# Work task:
Copy the records below in full, keeping each word as it is but omitting the pictures.

[Stored data entries]
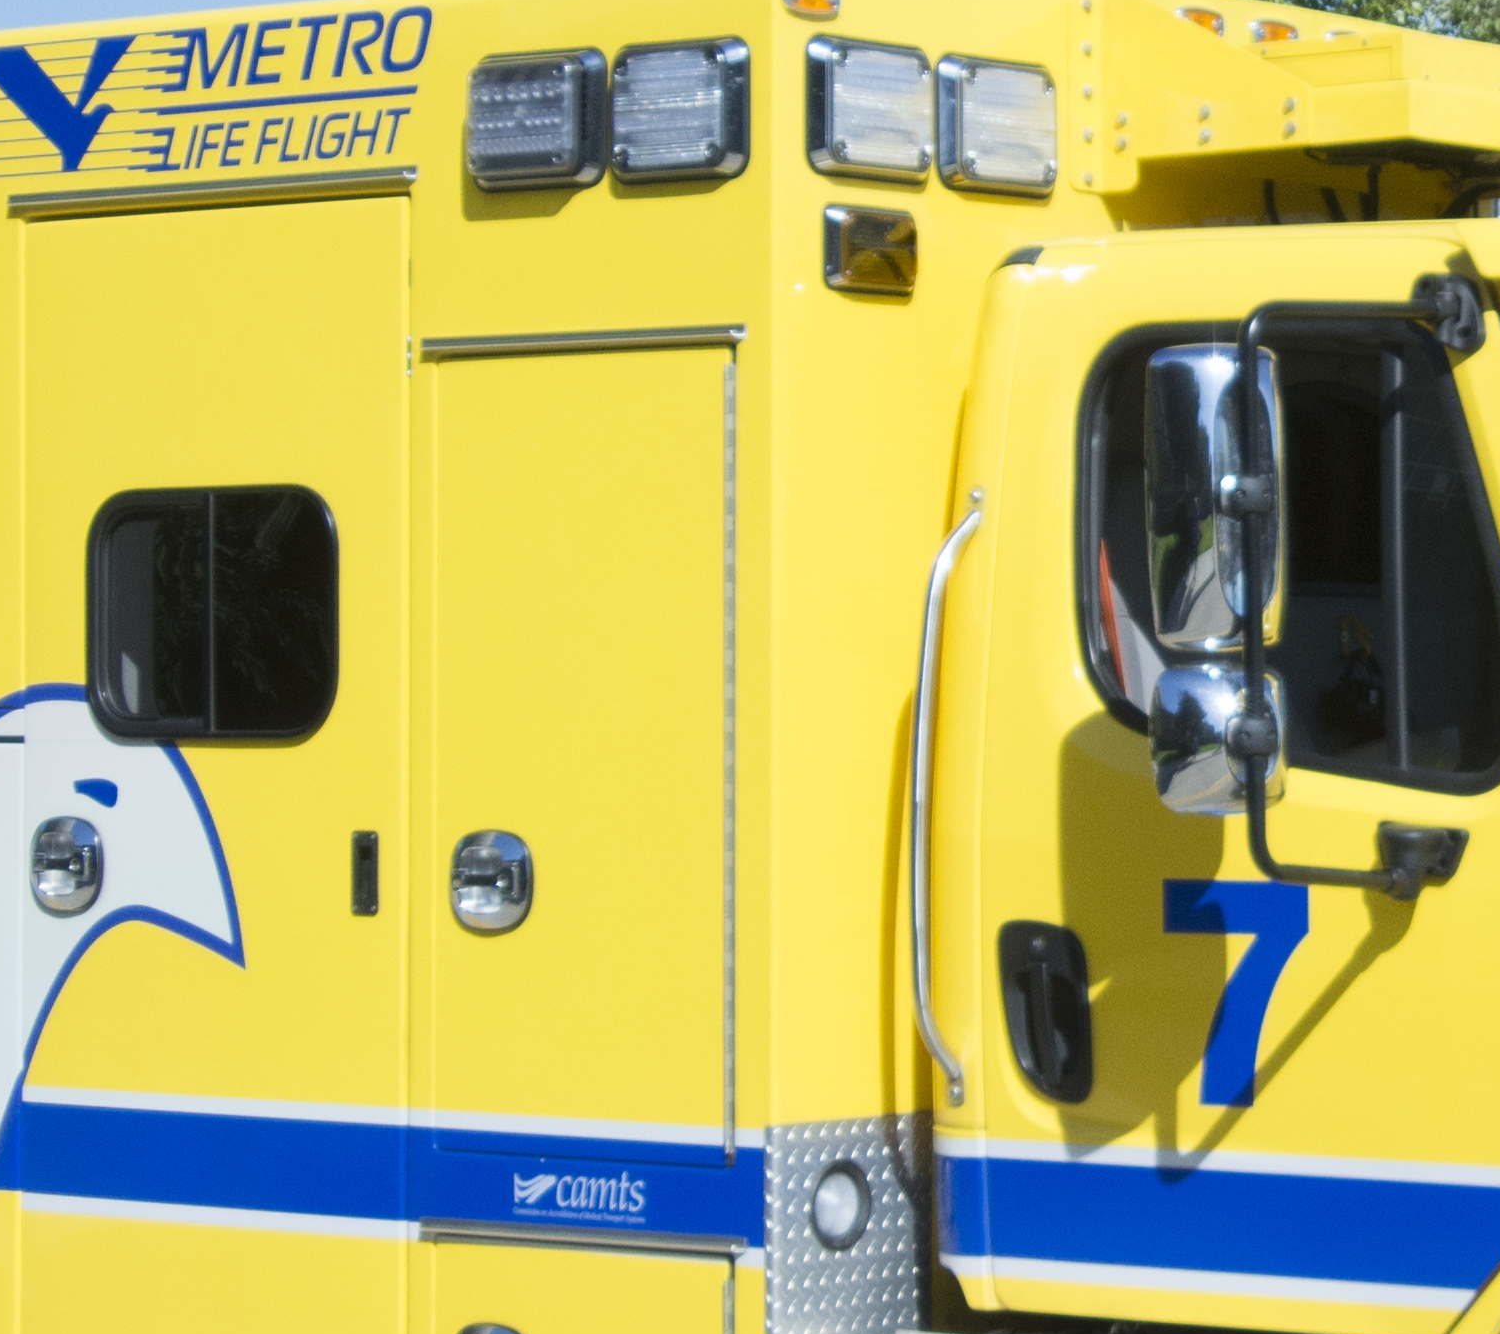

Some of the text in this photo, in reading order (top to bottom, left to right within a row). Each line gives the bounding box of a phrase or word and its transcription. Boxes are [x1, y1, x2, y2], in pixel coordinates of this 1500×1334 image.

[155, 6, 432, 92] METRO
[145, 107, 412, 172] LIFE FLIGHT
[1163, 879, 1310, 1107] 7
[556, 1170, 646, 1212] camts
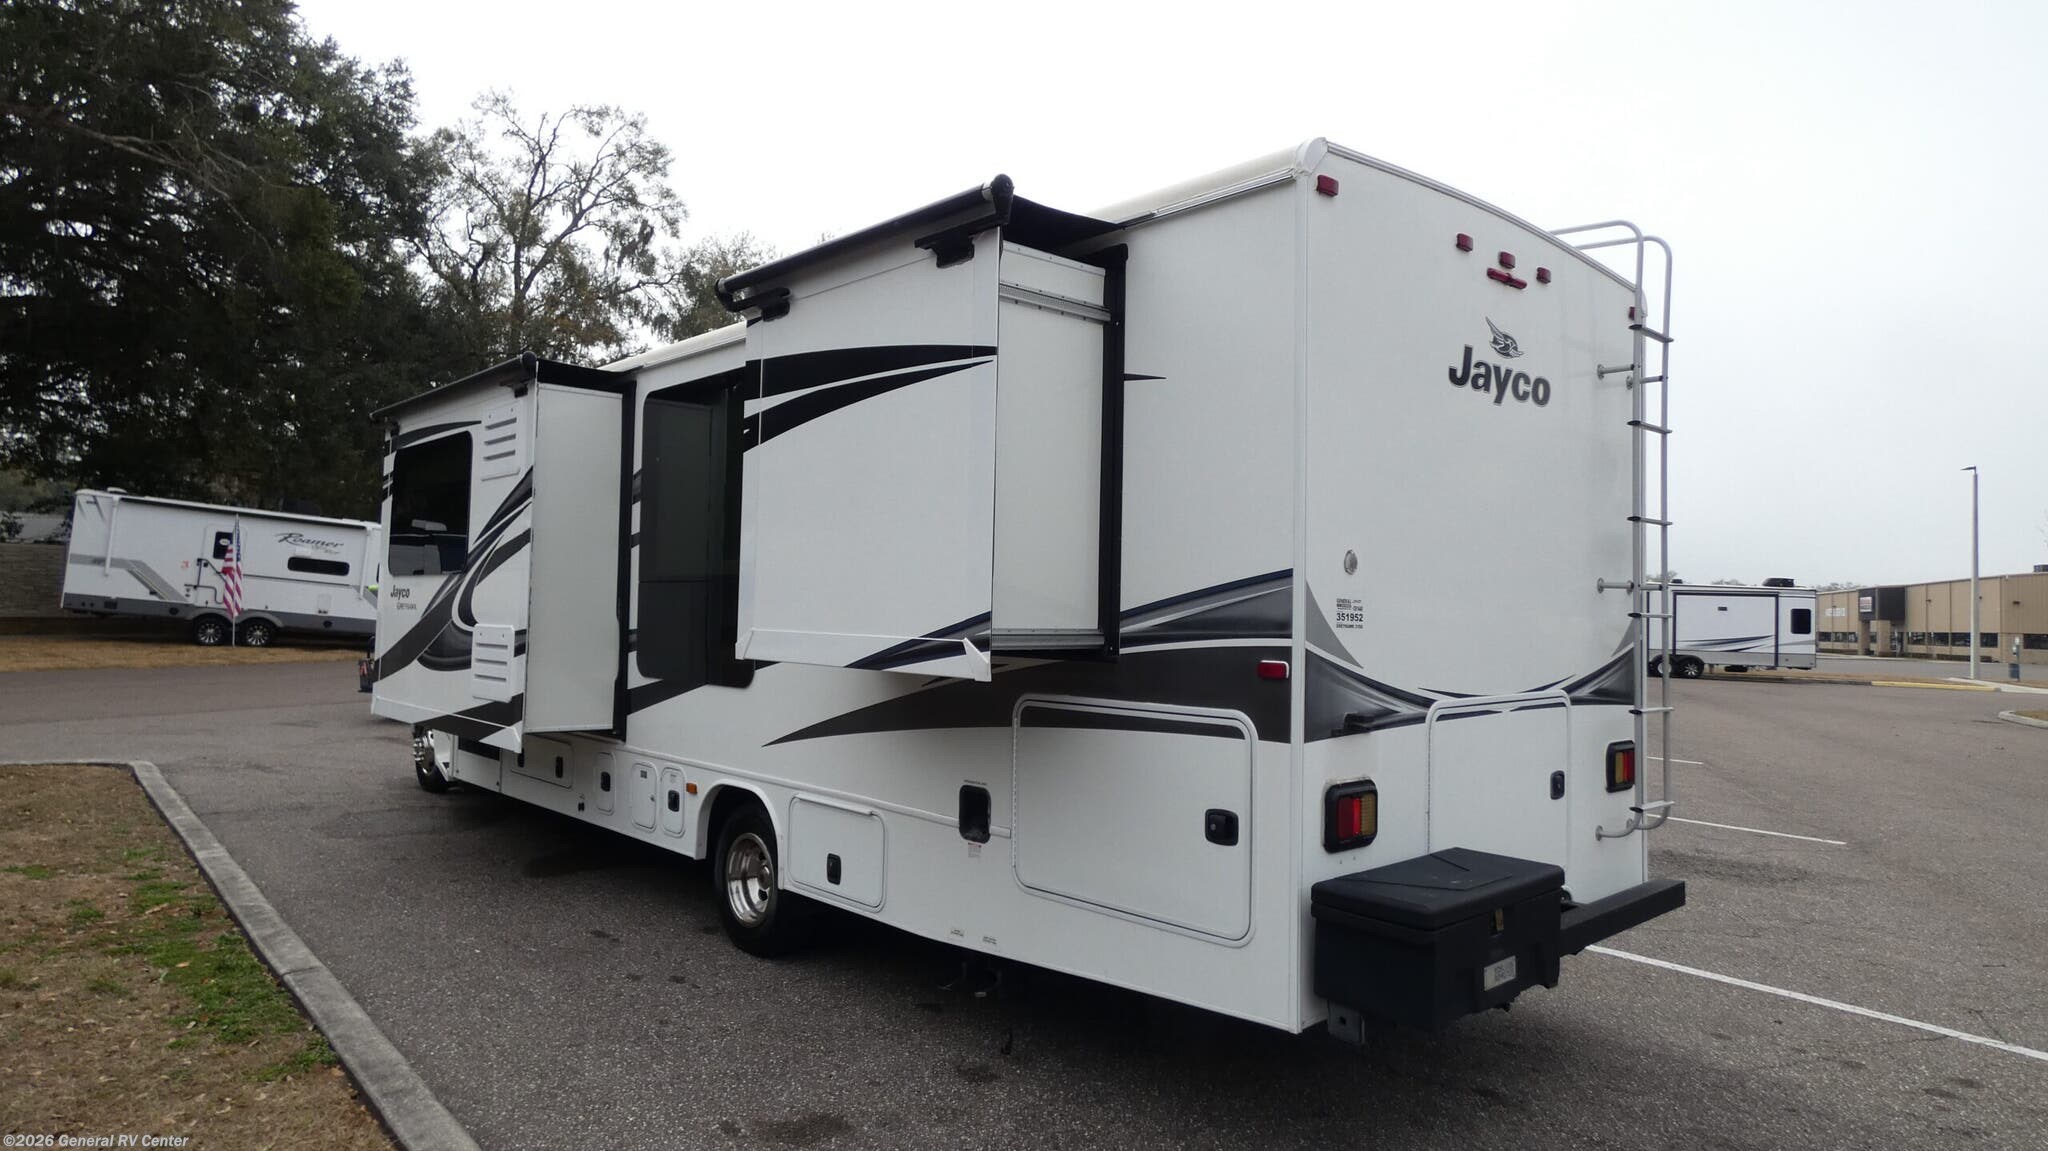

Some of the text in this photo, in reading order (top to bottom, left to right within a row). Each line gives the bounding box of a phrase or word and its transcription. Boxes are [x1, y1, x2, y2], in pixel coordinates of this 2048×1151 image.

[1448, 344, 1551, 407] Jayco
[276, 532, 344, 548] Roamer
[390, 584, 410, 600] Jayco
[1336, 612, 1363, 622] 351952
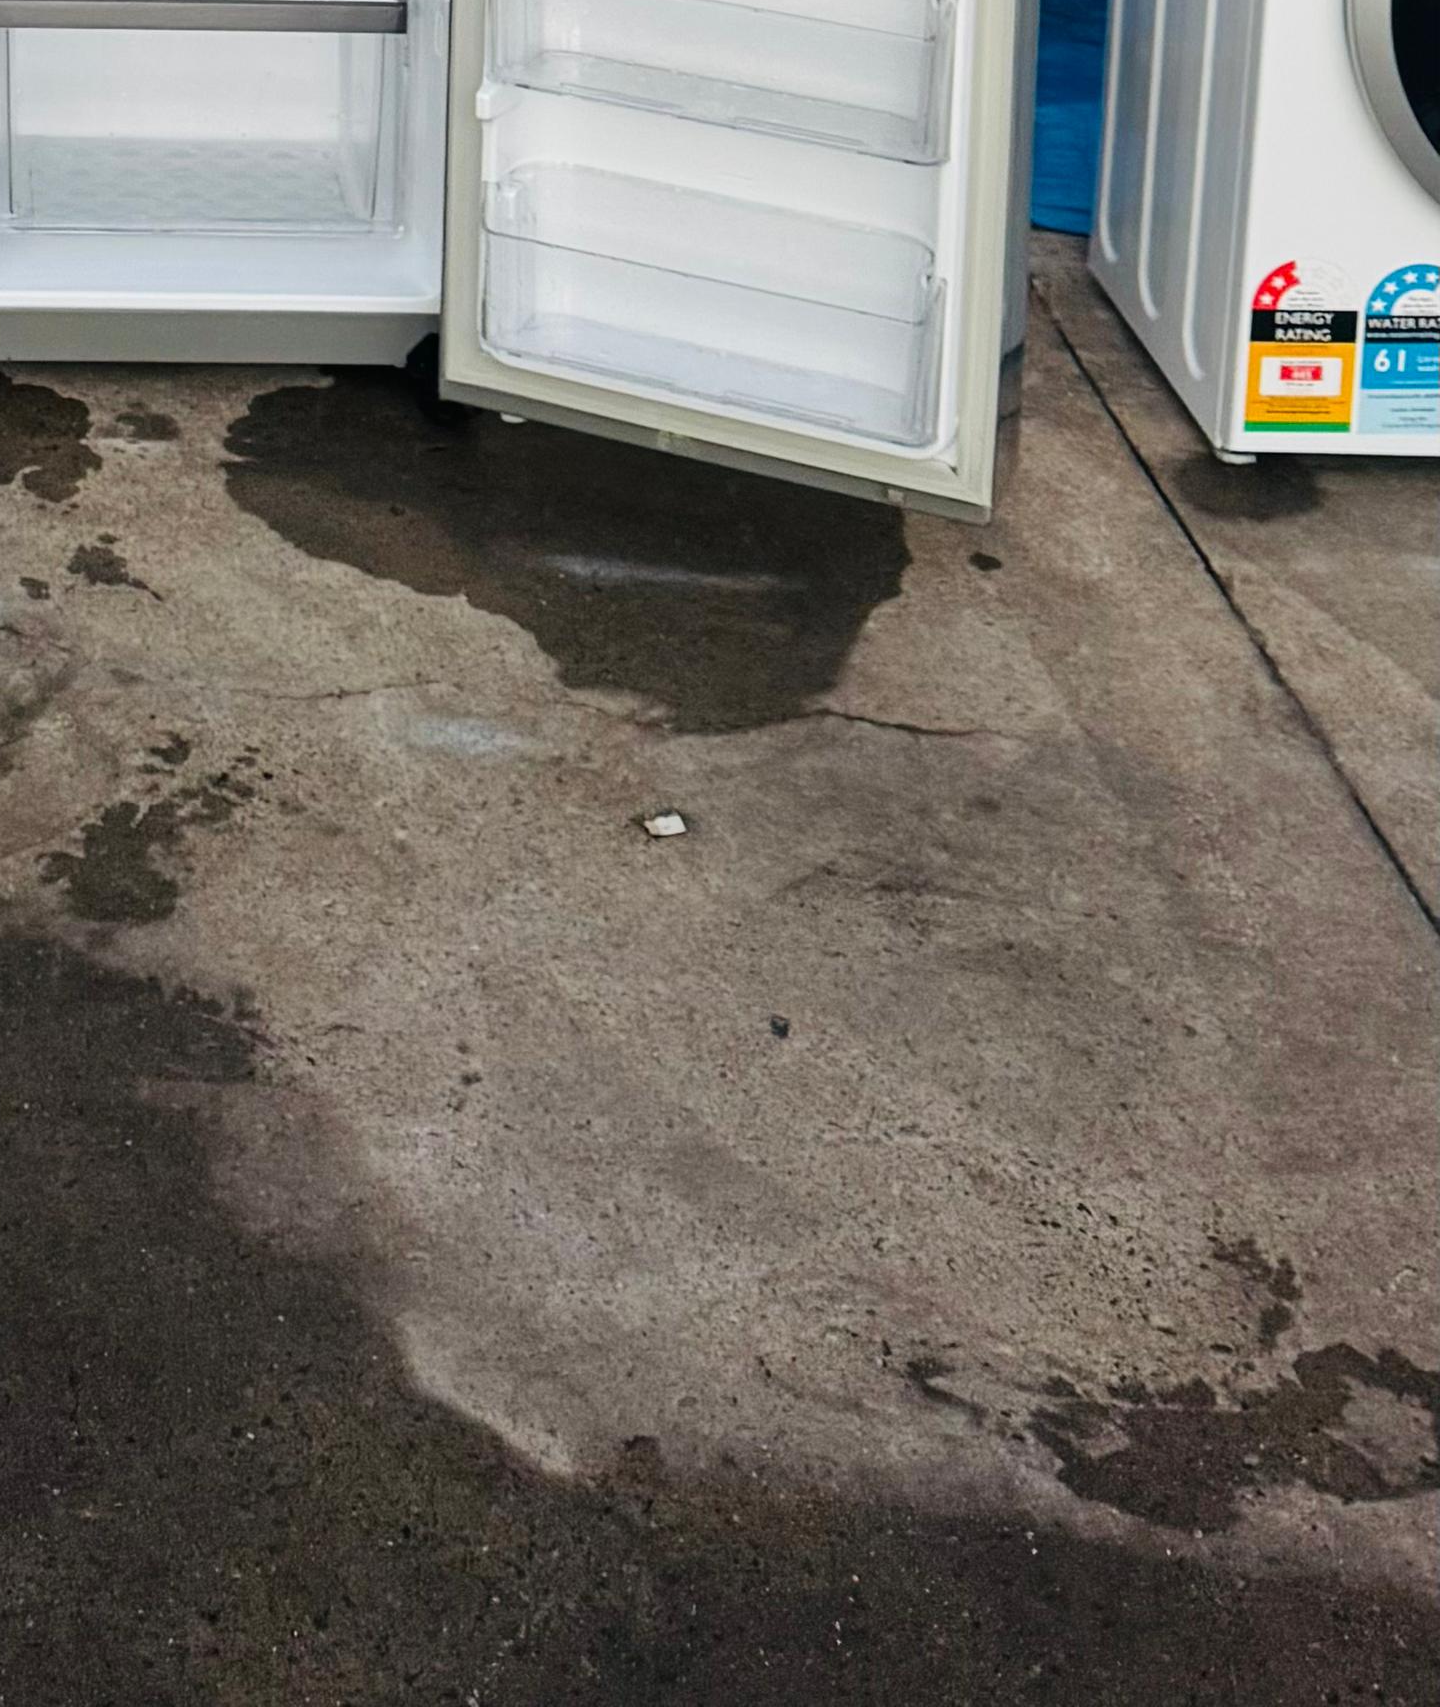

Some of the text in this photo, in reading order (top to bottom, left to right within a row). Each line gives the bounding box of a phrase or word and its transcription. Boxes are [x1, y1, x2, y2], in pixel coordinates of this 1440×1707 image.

# Solution for this task:
Some of the text in this photo, in reading order (top to bottom, left to right within a row). Each line gives the bounding box of a phrase or word and its transcription. Boxes are [x1, y1, x2, y2], in pixel coordinates of this 1500×1334 image.

[155, 6, 432, 92] METRO
[145, 107, 412, 172] LIFE FLIGHT
[1163, 879, 1310, 1107] 7
[556, 1170, 646, 1212] camts

Some of the text in this photo, in reading order (top to bottom, left to right within a row). Each line gives the bounding box of a phrase or word and its transcription. Boxes are [x1, y1, x2, y2], in pixel coordinates of this 2048×1151 image.

[1448, 344, 1551, 407] Jayco
[276, 532, 344, 548] Roamer
[390, 584, 410, 600] Jayco
[1336, 612, 1363, 622] 351952

Some of the text in this photo, in reading order (top to bottom, left to right within a row). Each line gives the bounding box of a phrase or word and its transcription. Boxes are [x1, y1, x2, y2], in pixel coordinates of this 1440×1707 image.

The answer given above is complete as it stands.